Expose the auto-negotiation feature of the Ethernet device via the
pseudo-module stm32_eth_auto. With this enabled, the static speed configuration
set in the boards periph_conf.h will only be used if the PHY lacks
auto-negotiation capabilities - which is unlikely to ever happen.
Previously, only an link-up event was triggered, not an link down event. And
additionally, once the link-up event was sent, the link status was no longer
monitored. As a result, once a link-up was sent, no further link event were
triggered.
The methods to read from / write to MII registers had an address argument to
allow specifying the PHY to communicate with.
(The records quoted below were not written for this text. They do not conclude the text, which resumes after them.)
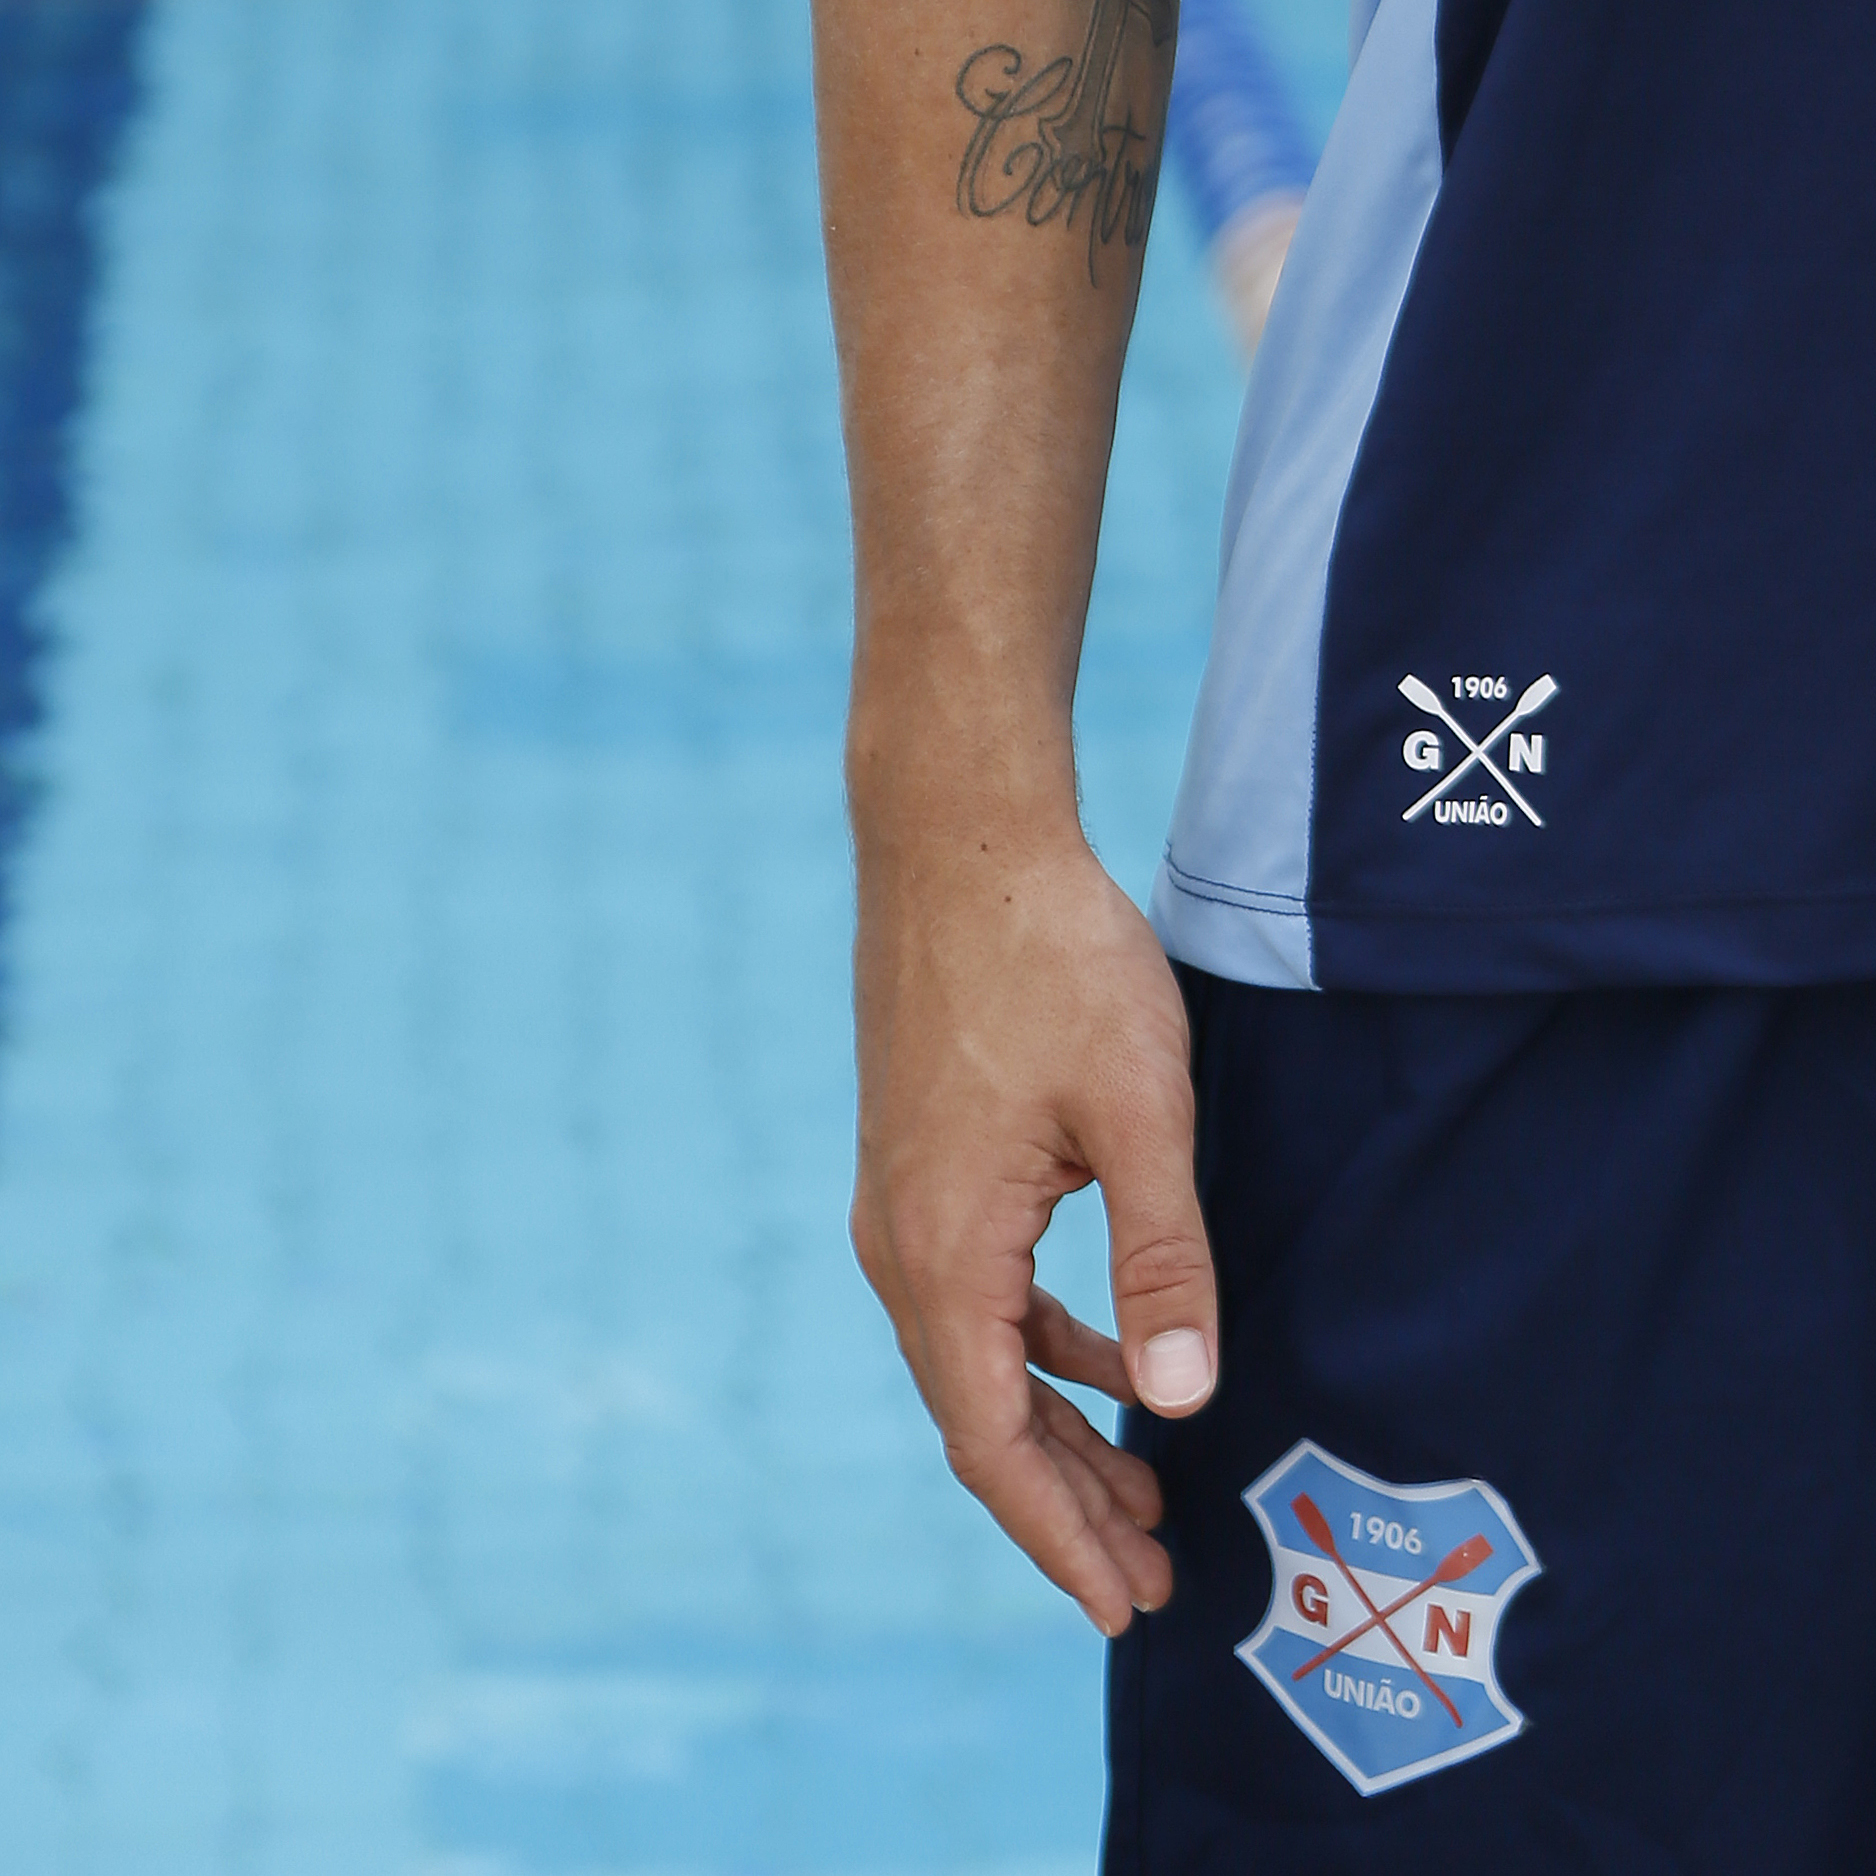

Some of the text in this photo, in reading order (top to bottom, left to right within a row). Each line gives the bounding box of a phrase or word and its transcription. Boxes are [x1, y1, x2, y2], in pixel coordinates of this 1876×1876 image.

[1451, 675, 1508, 700] 1906
[1402, 730, 1543, 773] G N
[1433, 794, 1508, 826] UNIÃO
[1348, 1510, 1423, 1556] 1906
[1291, 1573, 1472, 1658] G N
[1322, 1668, 1421, 1720] UNIÃO
However, only a single PHY is
available on all boards supported and the driver is not able to operate with
multiple PHYs anyway - thus, drop this parameter for ease of use.
This fixes a bug in the _get_link_status() function, which used hard coded the
address 0; which might not be correct for all boards.
The link status was previously not returned via the value parameter, as required
by the netdev_driver_t API. As a result, e.g. the `ifconfig` shell command
showed garbage.
Using the TER bit in the TX descriptors when only using a single descriptor for
sending triggered a hardware bug. Thus, stop using the TER bit and store the
currently active TX descriptor in RAM instead.
The stm32_eth driver was build on top of the internal API periph_eth, which
was unused anywhere. (Additionally, with two obscure exceptions, no functions
where declared in headers, making them pretty hard to use anyway.)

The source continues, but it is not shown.